Jane: The train is at 8.24… there’s a preview …
Marton: You won’t be there because you will have been arrested.
Jane: We’re open to requests and there’s plenty of time to get arrested in the meantime. I don’t know how quick they are at letting you out, here.
Bob: If you were going to arrest me, where would you take me? Into a car?
Marton: I would just let you know that from that moment you will be arrested. That would be enough. It sounds Kafkaesque, but… But you will know. You will feel differently from that point. You will know. I know that feels different.
Bob: Okay. Have you been arrested?
Marton: In that sense, yes.
Bob: I think we should do this, it sounds really good.
Marton: I can give you a written paper. Signed by me.
Gyongyi: A Statement, right?
Marton: That you are arrested.
Bob: So –
Bob: There are a couple of details. Like, what time? Whereabouts? And what am I doing? I’m reciting something. Or I’m just performing something. Or I could be standing there doing nothing at all.
Marton: But of course we can do something special.
Bob: But we need to know where to rendezvous.
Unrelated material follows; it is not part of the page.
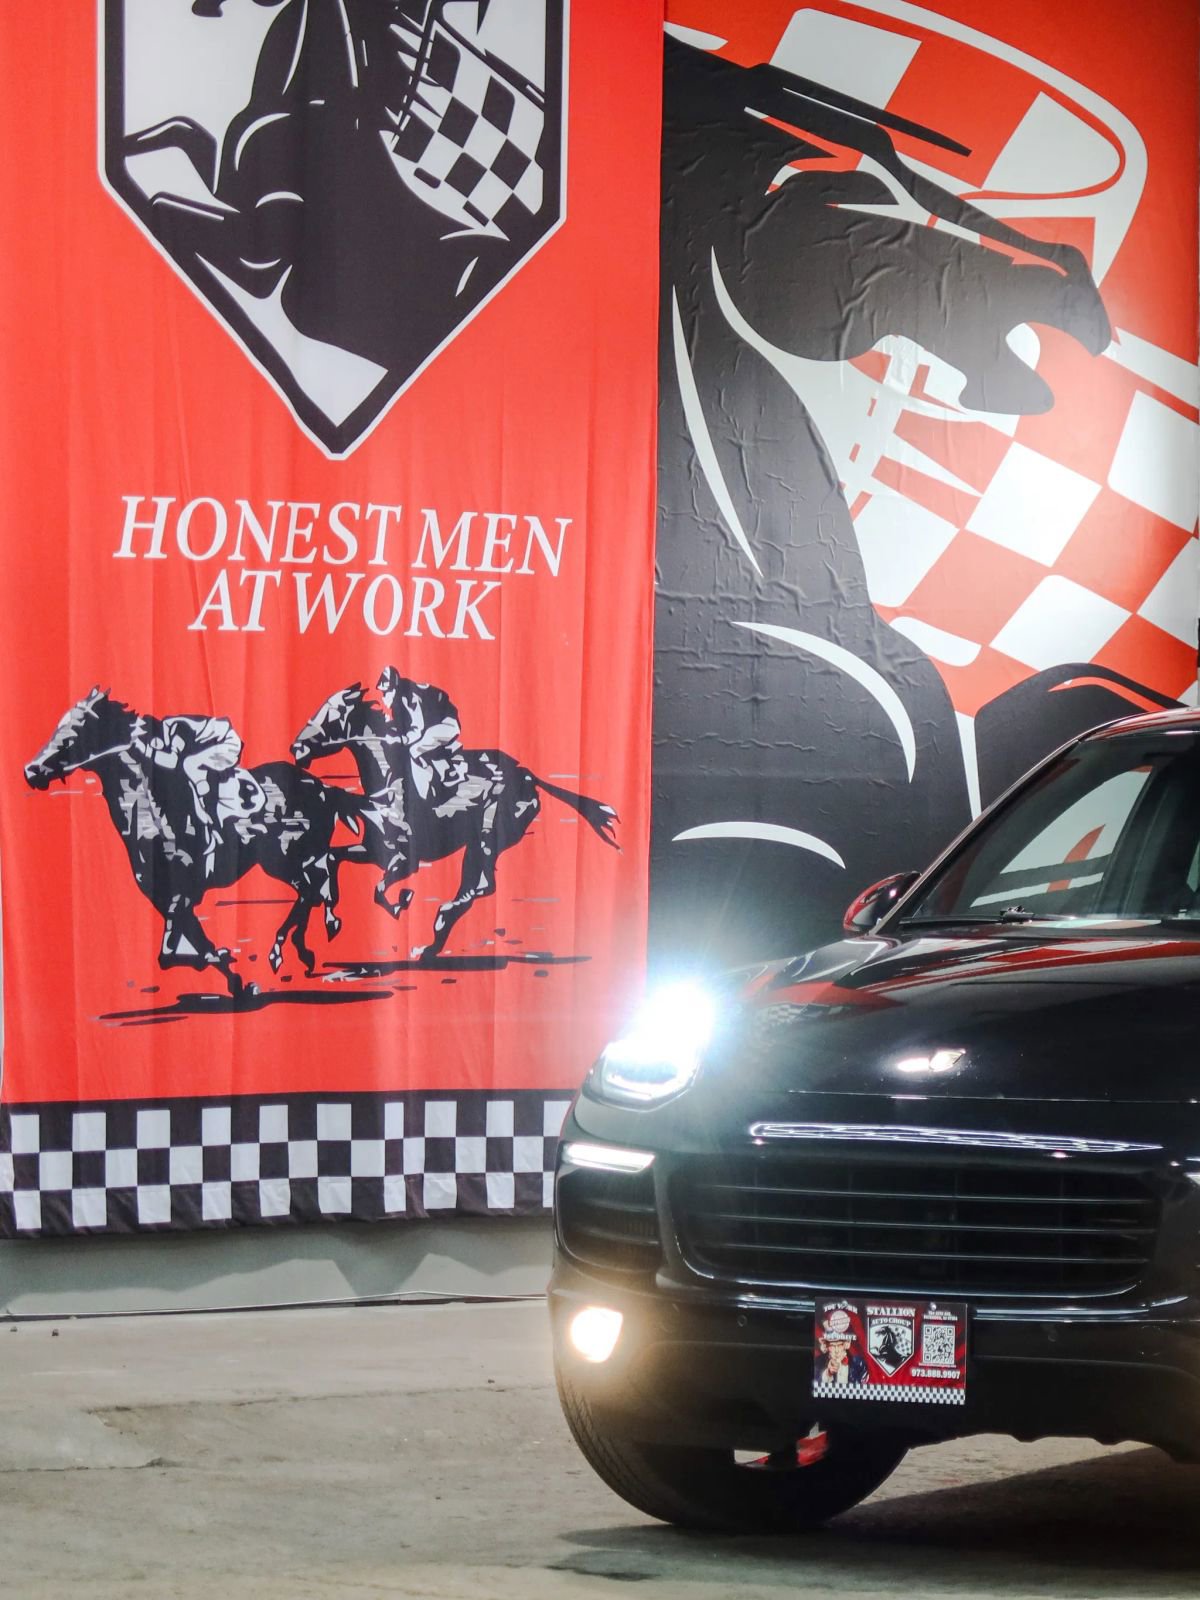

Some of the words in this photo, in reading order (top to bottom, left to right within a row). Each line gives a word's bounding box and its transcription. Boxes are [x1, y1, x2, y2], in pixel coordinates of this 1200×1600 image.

Marton: At the Parliament. To give you that strong presence, and the historical and cultural background. You are a visitor, a guest, so you can choose when to be arrested.
Bob: Noon is a good time.
Marton: Yes. You mean Darkness at Noon?
Bob: Darkness at Noon. Arthur Koestler.
Jane: We could draw a chalk square. So you’re arrested. And then we could draw a square the size of an average sized police cell. And then Bob has to stay in that square. Until you get bailed. Maybe they decide not to charge you.
Bob: If Marton’s going to arrest me, it’s up to him to decide what happens to me. I might be taken away…
Olivia: To a spa.
Marton: It will depend on my mood on Friday. So I cannot forsee. Because, bureaucrats, administrators, are like child, so they have moods. They can be moved or hurt. They can be very kind. It depends.
Bob: And you have a lot of bureaucrats working with you.
Marton: Of course. Not working with me, but working on me.
Jane: In Britain, if you’re arrested, you have to be charged within 24 hours. In Hungary, how long can they hold you before you’re charged?
Marton: I don’t know exactly. In theory at least you have the right to call your lawyer. But as far as I know it doesn’t happen in each case.
Gyongyi: Yes, but there must be a time limit. It’s not that you can be kept there endlessly.
Marton: It’s probably more than one day. I would say it’s two days, but it would be more like three days in your case.
Bob: Gonna need three days.
Jane: We’ll see you back in Manchester.
Bob: Give my lawyer a call while you’re over there. Well I think this is really exciting.
Jamie: We’ll all get the train.
Marton: It may be for an indefinite time.
John: And is he allowed to leave the country in this time?
Marton: As far as I know, at this moment – it can change, of course – he can do anything he likes. So it’s not about doing or not doing, being in a certain place, or leaving the country, it’s about a mental situation. Which will remain, from that moment. And from that moment you’ll feel like a Hungarian.
Jane: Yes. It’s good for a writer.
Bob: Yes, I want to be able to write about it.
Jane: Well then, this sounds great.
Bob: Will people notice the arrest?
Marton: It depends on their sensibility. Because you will look different.
Jamie: In fact, we haven’t visited the Parliament.
Bob: We’ve seen it from a long way off.
Marton: I am 65 and I have never visited the Parliament.
Gyongyi: Not inside.
Marton: It’s difficult to avoid it as a view, of course. It’s too big.
Bob: What’s it like inside?
Jamie: Like a Parliament. Very grand and very showy.
Marton: It’s the biggest one in continental Europe.
Jamie: And you know it was designed after the British Parliament? The Houses of Parliament? It’s very funny. It’s built the same size, but just one metre bigger than the British Parliament!
Gyongyi: It was for a bigger country, before the First World War.